Why should you use the WorkingAge of Wellbeing (WAOW) tool?

European Population is ageing and poor baseline health condition of our adult population is expected to continue into the near future. Cost of employer-provided health benefit plans has increased every year since 1997. This costs decreases the probability of entry into self-employment by 1.7%. The impacts of these societal shifts are increasingly being borne by the employer in terms of both direct healthcare costs and indirect productivity loss costs. In 2013 in EU-28, there were 3674 fatal accidents, approximately 3.1 million non-fatal accidents with at least four days of absence and 7.4% was suffering from one or more work-related health problems caused or made worse by work. These figures highlight the need for preventative measures. WA aims to enhance health and safety working conditions, the WAOW Tool will supervise working conditions and will provide different types of interventions. WA combines the efforts of employers, employees and society to improve the health and well-being of people at work. Moreover, societal elements, such as cohesion among individuals obtained through personalized technology and friendly/intelligent human interfaces, will strengthen the potential for health and well-being at the workplace and a healthy balance between working and private life.
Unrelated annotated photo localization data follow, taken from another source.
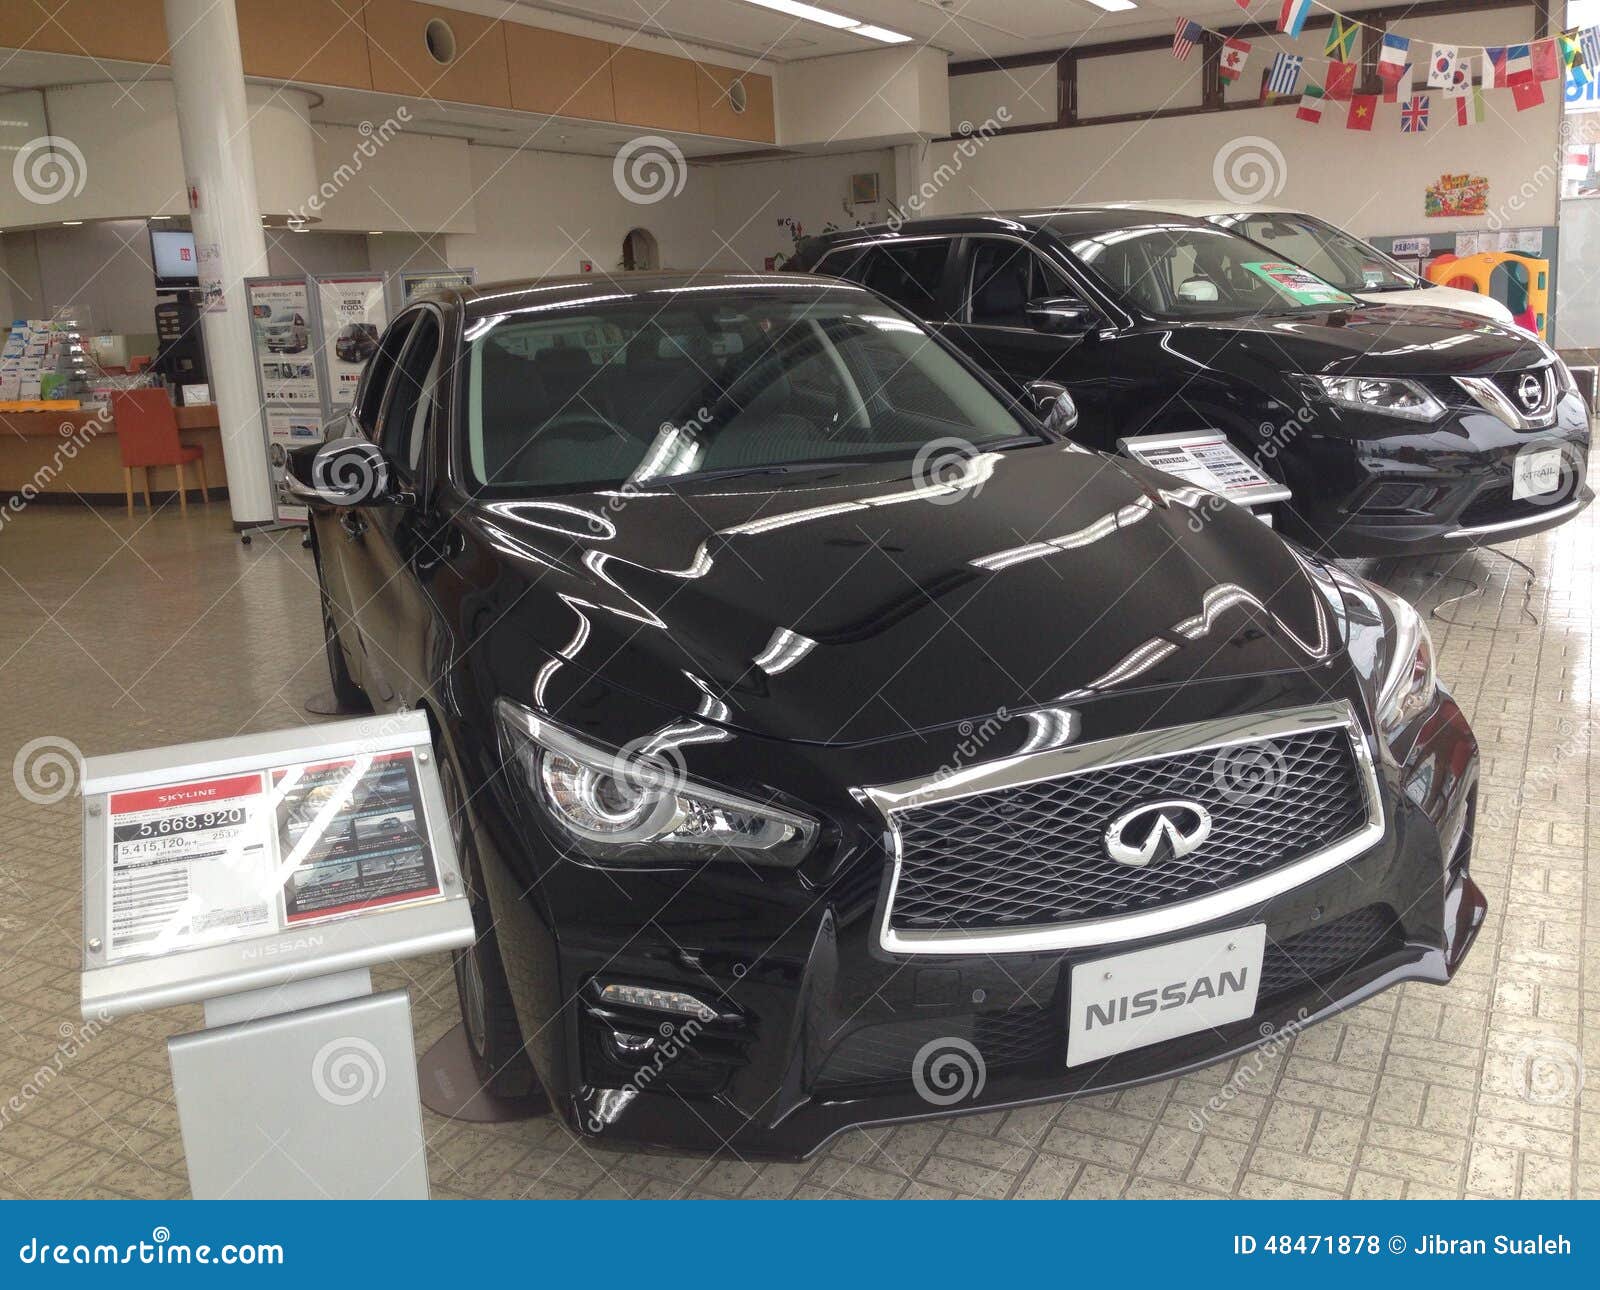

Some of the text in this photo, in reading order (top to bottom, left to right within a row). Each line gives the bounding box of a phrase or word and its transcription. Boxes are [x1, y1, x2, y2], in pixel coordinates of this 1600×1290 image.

[777, 218, 792, 226] WC
[1519, 467, 1556, 481] X-TRAIL
[158, 788, 217, 802] SKYLINE
[140, 808, 241, 836] 5,668,920
[122, 837, 184, 855] 5,415,120
[242, 935, 324, 960] NISSAN
[1085, 966, 1248, 1031] NISSAN
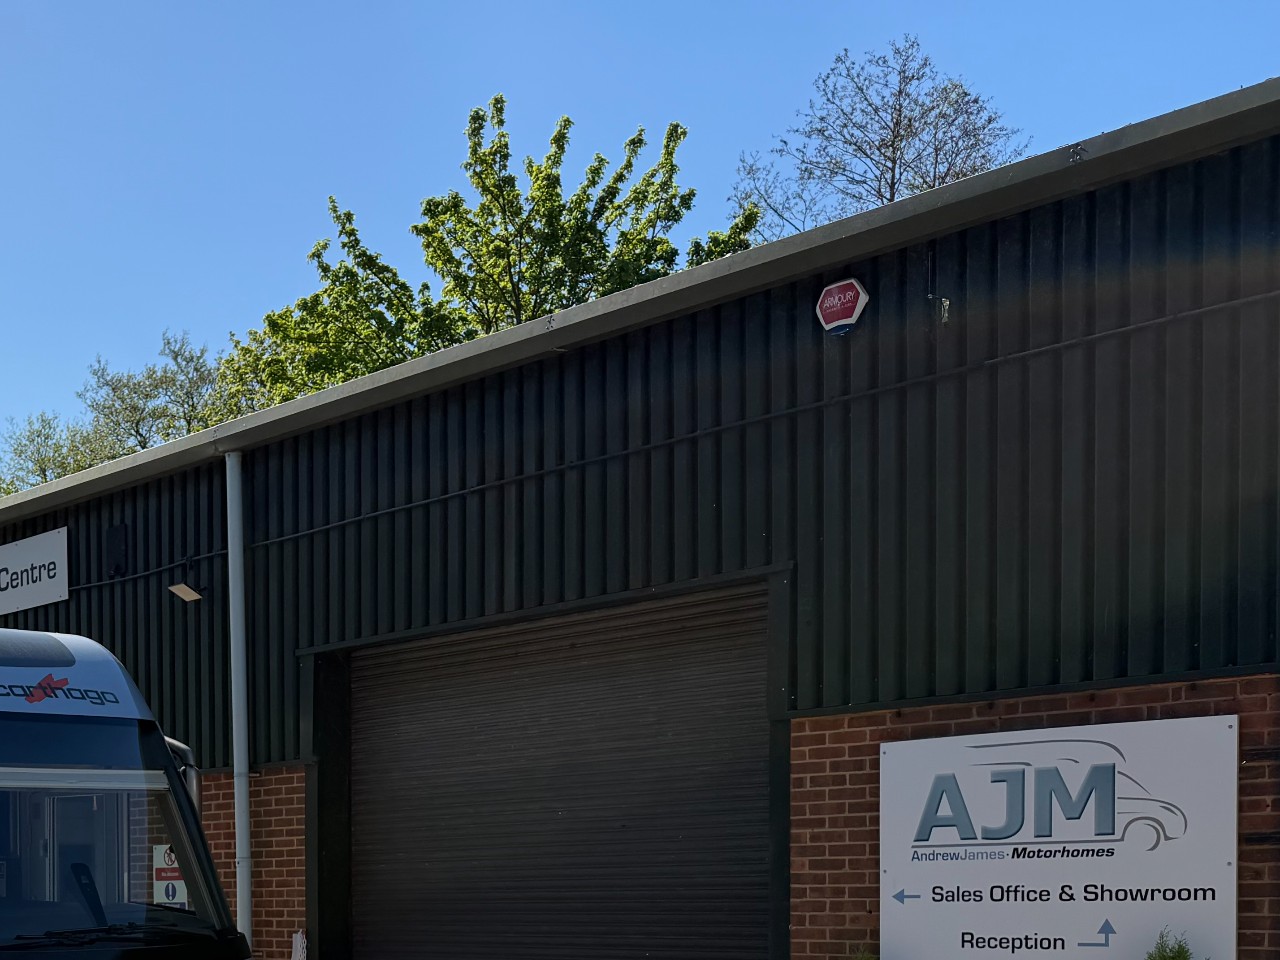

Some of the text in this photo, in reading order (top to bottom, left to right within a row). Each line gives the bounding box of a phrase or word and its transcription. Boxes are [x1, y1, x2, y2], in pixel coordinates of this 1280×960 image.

[913, 762, 1116, 843] AJM
[931, 883, 1217, 903] Sales Office & Showroom
[960, 932, 1066, 953] Reception
WA has advantages for the stack-holders as follows:

Benefits to workers

It will prevent illnesses at the workplace (including work-related illnesses, working accidents, and stress), by providing an improved, smart environment enriched in comfort and in surveillance thanks to networked sensors.

Benefits to researchers

WA platform will lay the basis of a reliable, non-intrusive user health status monitoring, in which specialists and researchers will able to collect data towards the identification, root causes and correlation between factors for phenomena of interest.

Benefits to insurance companies

WA provides services that insurance companies can benefit from. Moreover, this can reduce the health insurance cost, through continuous monitoring and reporting of health and reacting faster to abnormalities.

Benefits to policy makers

Through the findings in WA on the root causes on work-related psychological and physiological malfunctioning for elderly employees, policy makers can adapt the existing regulations (which currently do not differ between elderly and young/adult) in terms of working conditions such as working hours, retirement age, work difficulty, etc.

Benefits to companies

The WAOW Tool will provide opportunities of more flexible working through technology enabling employees to operate in an environment that best suits their personal working needs and expectations. The wish for time/space flexibility is increasingly becoming an issue for executives at the senior levels of the organisation. Flexible working arrangements, such as work from home, co-working and so on, ensure greater rates of retention among employees who are close to retirement. These may choose to move into different roles or embrace flexible working arrangements as an alternative to full retirement. Ensuring that older workers remain associated with the company helps retain knowledge while providing an ageing population with employment options.

Benefits to medical professionals

Promoting workforce health and protection has to be coordinated with efforts such as the emerging “medical home” concept, championed by all primary care specialities, which envisions a strong emphasis on partnerships between patients and a medical team to achieve optimal health. WA project will make its efforts at integrating health promotion and protection in the workplace, connected with the medical home, with the employer occupying a role as a member of an individual’s “health team” and medical community.

Benefits to healthcare organizations

Work is consistently rated among the top two or three sources of stress among individuals contributing to psychological (e.g., depression, anxiety), physical (e.g., cardiovascular disease, obesity) and behavioural (e.g., increased alcohol use, addictions) problems. Possibility of early diagnosis will reduce the costs of the national healthcare systems and promote independent living.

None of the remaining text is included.